OBJECTIVES: Acute encephalopathy is an acute brain dysfunction after preceding infection, consisting of multiple syndromes. Some syndromes, such as acute encephalopathy with biphasic seizures and late reduced diffusion (AESD), are severe with poor outcome, whereas others, such as clinically mild encephalitis/encephalopathy with reversible splenial lesion (MERS), are mild with favorable outcome. Previous study reported the association of the thermolabile polymorphism in Carnitine Palmitoyltransferase 2 (CPT2) gene and severe syndromes of acute encephalopathy.
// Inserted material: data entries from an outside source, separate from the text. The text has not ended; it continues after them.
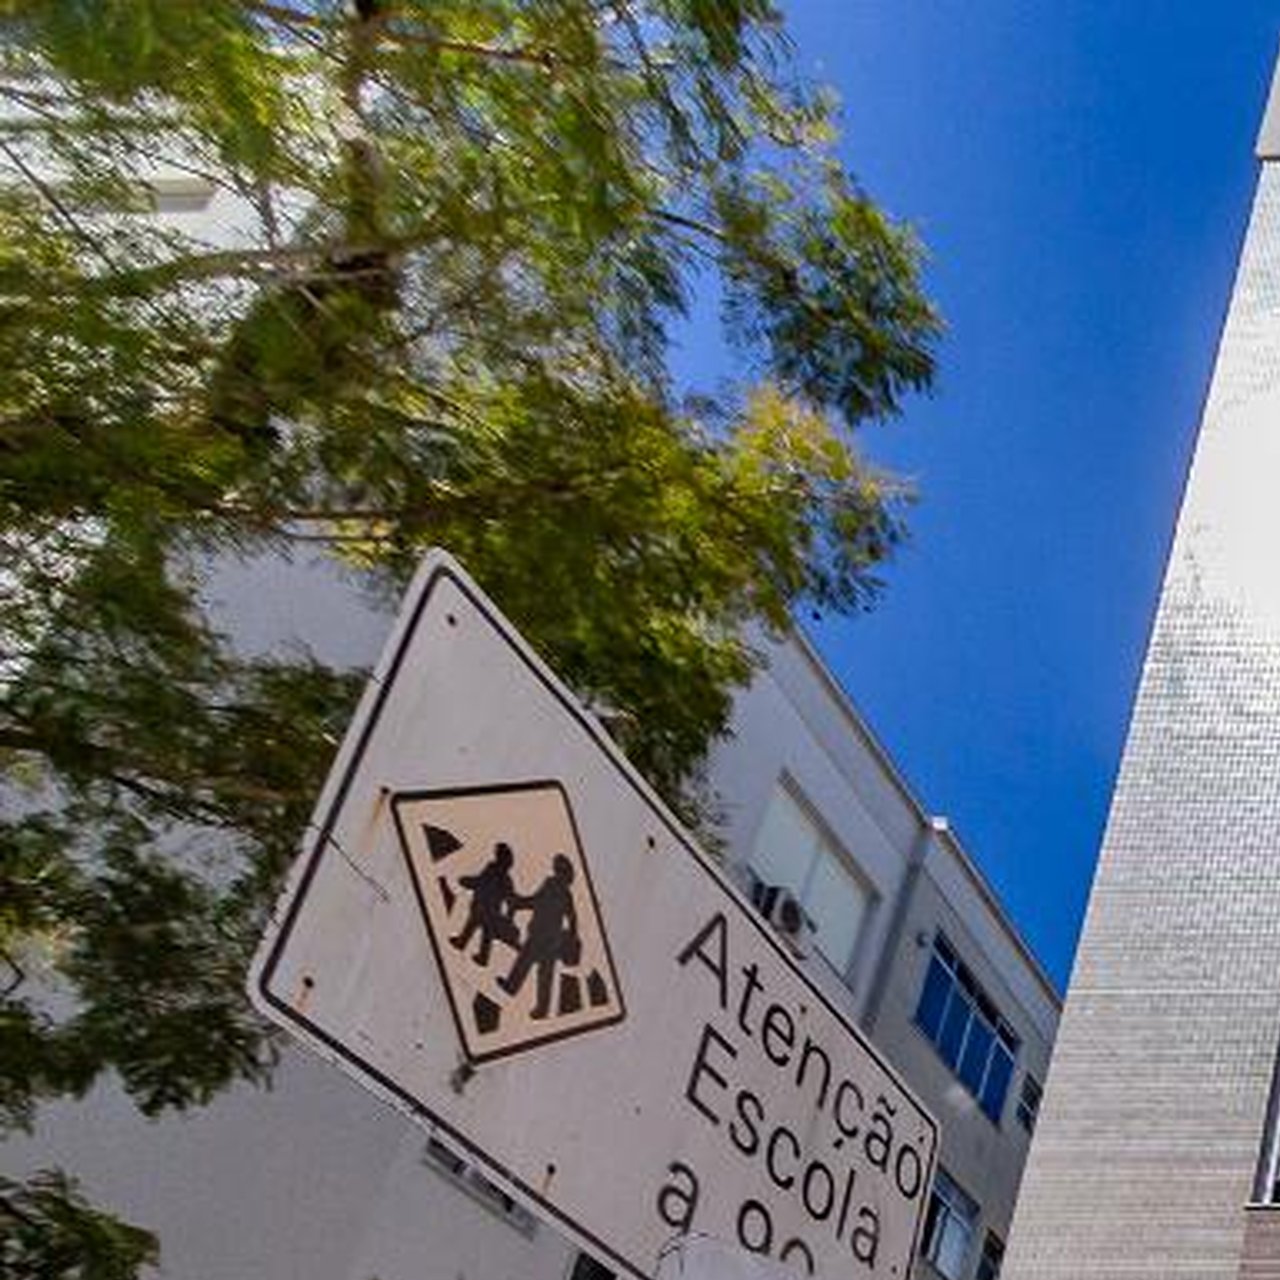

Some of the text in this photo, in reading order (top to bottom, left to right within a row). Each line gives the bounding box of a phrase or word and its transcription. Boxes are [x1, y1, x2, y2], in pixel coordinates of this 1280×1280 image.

[676, 911, 922, 1200] Atenção
[685, 1022, 880, 1270] Escola
[658, 1160, 698, 1234] a
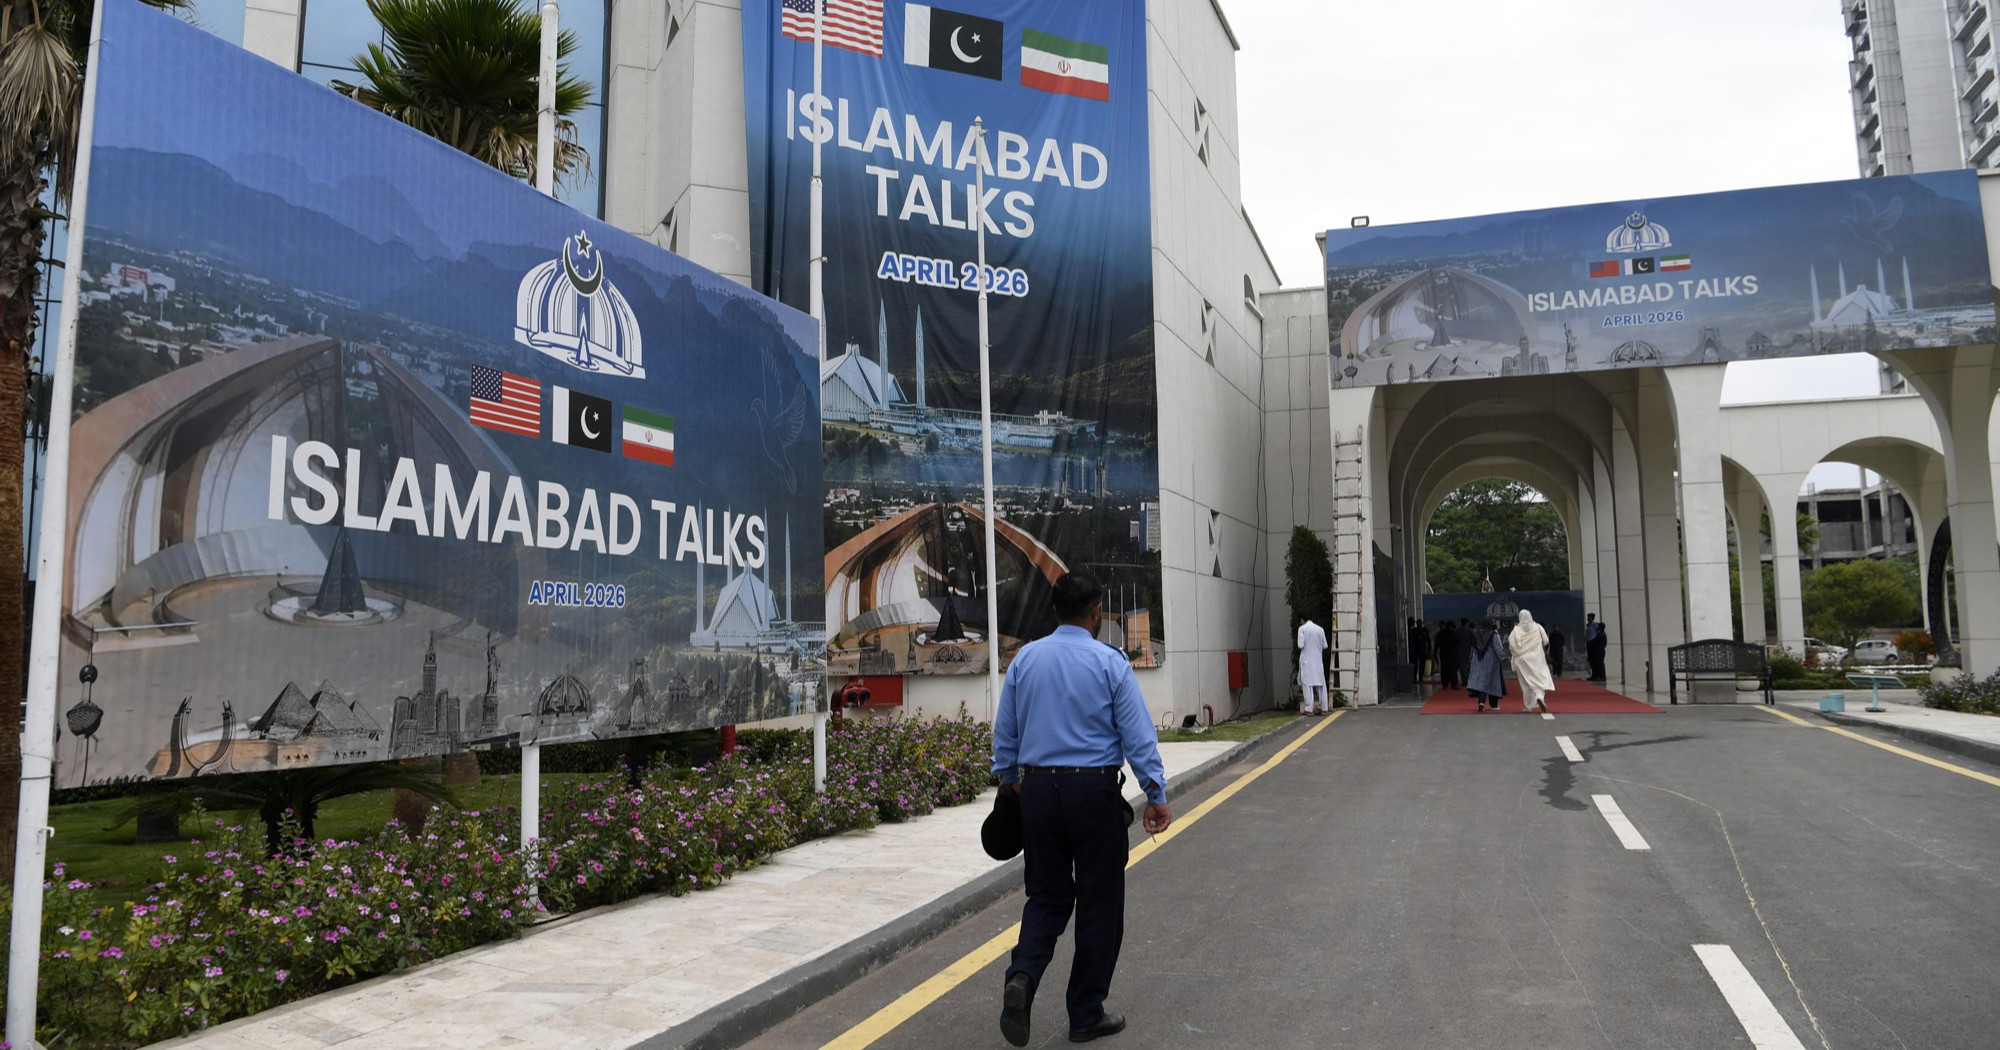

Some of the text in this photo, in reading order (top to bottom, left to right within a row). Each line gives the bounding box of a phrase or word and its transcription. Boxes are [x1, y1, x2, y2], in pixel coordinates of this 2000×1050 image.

[788, 89, 1107, 189] ISLAMABAD
[866, 165, 1034, 238] TALKS
[877, 251, 1029, 297] APRIL 2026
[1528, 275, 1758, 312] ISLAMABAD TALKS
[1603, 310, 1684, 328] APRIL 2026
[268, 434, 766, 569] ISLAMABAD TALKS
[528, 580, 625, 608] APRIL 2026
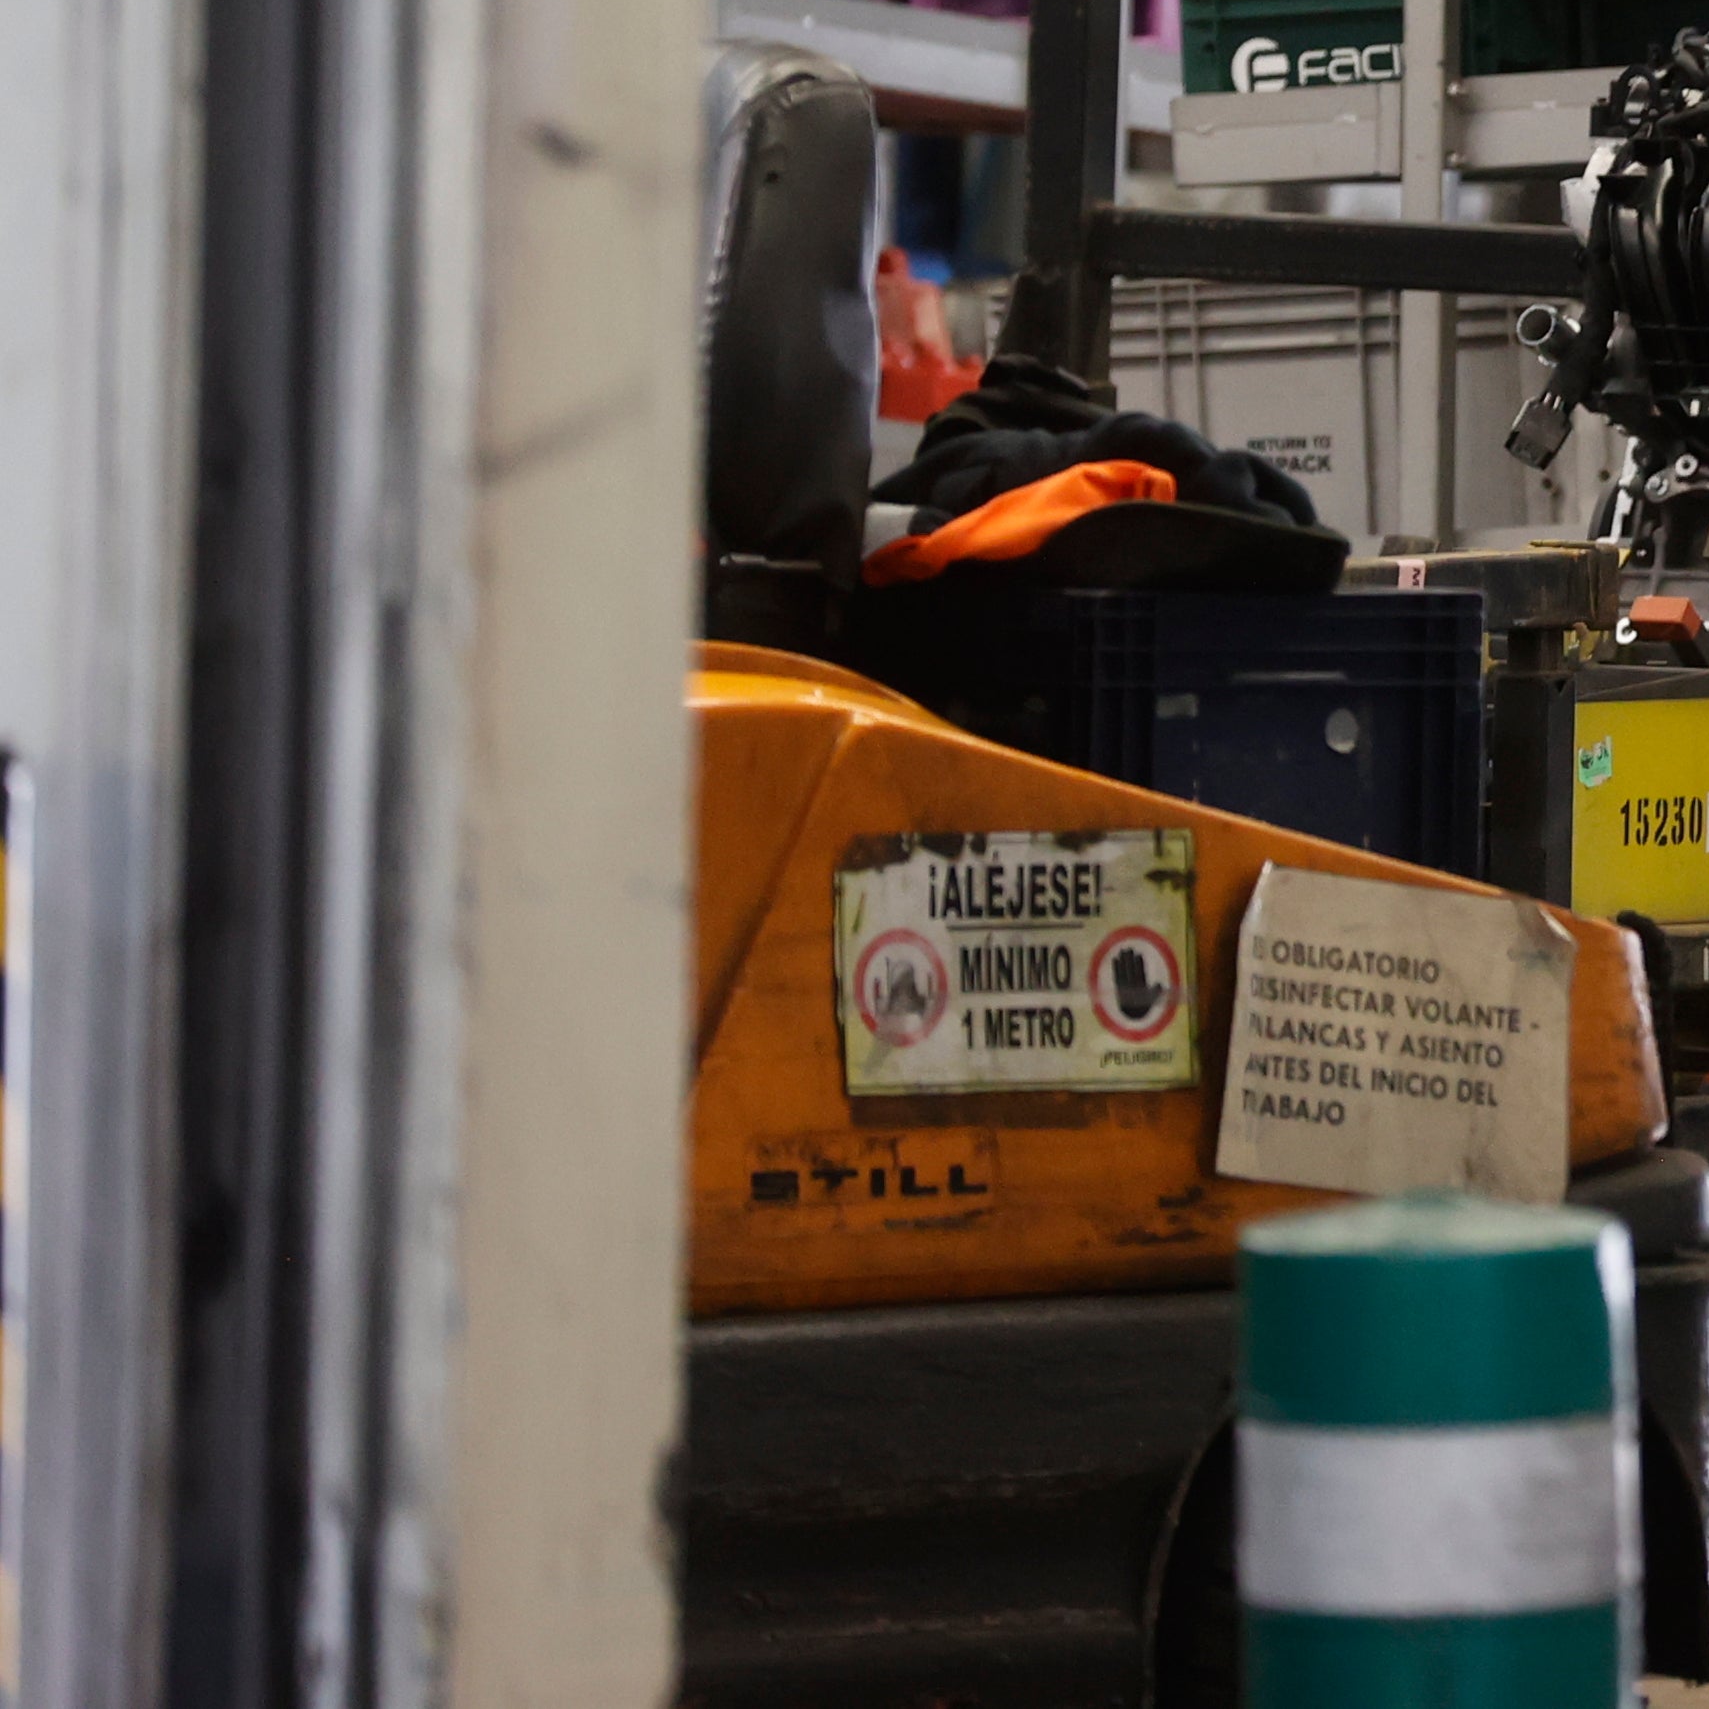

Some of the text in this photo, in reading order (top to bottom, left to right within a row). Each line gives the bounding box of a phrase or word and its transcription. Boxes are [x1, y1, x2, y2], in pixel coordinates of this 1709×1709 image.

[1247, 435, 1332, 450] RETURN TO
[1620, 796, 1703, 846] 15230
[928, 850, 1102, 919] ¡ALÉJESE!
[961, 933, 1072, 993] MÍNIMO
[1272, 940, 1440, 984] OBLIGATORIO
[962, 1007, 1074, 1049] 1 METRO
[1405, 995, 1522, 1034] VOLANTE
[1376, 1032, 1389, 1053] Y
[1400, 1034, 1504, 1069] ASIENTO
[1244, 1053, 1498, 1107] ANTES DEL INICIO DEL
[1241, 1088, 1346, 1126] TRABAJO
To further explore the pathogenetic role of CPT2 in acute encephalopathy, we conducted a case-control association study of a typical thermolabile CPT2 polymorphism, rs2229291, in 416 patients of acute encephalopathy, including both severe and mild syndromes. METHODS: The case cohort consisted of 416 patients, including AESD, MERS, and other syndromes. The control subjects were 100 healthy Japanese. rs2229291 was genotyped by Sanger sequencing. Genetic distribution was compared between the patients and controls using Cochran-Armitage trend test. RESULTS: Minor allele frequency of rs2229291 was significantly higher in AESD (p = 0.044), MERS (p = 0.015) and entire acute encephalopathy (p = 0.044) compared to the controls. The polymorphism showed no significant association with influenza virus, or with outcome. CONCLUSIONS: This study provided evidence that CPT2 is a susceptibility gene for overall acute encephalopathy, including both severe and mild syndromes, and suggested that impairment of mitochondrial metabolism is common to various syndromes of acute encephalopathy.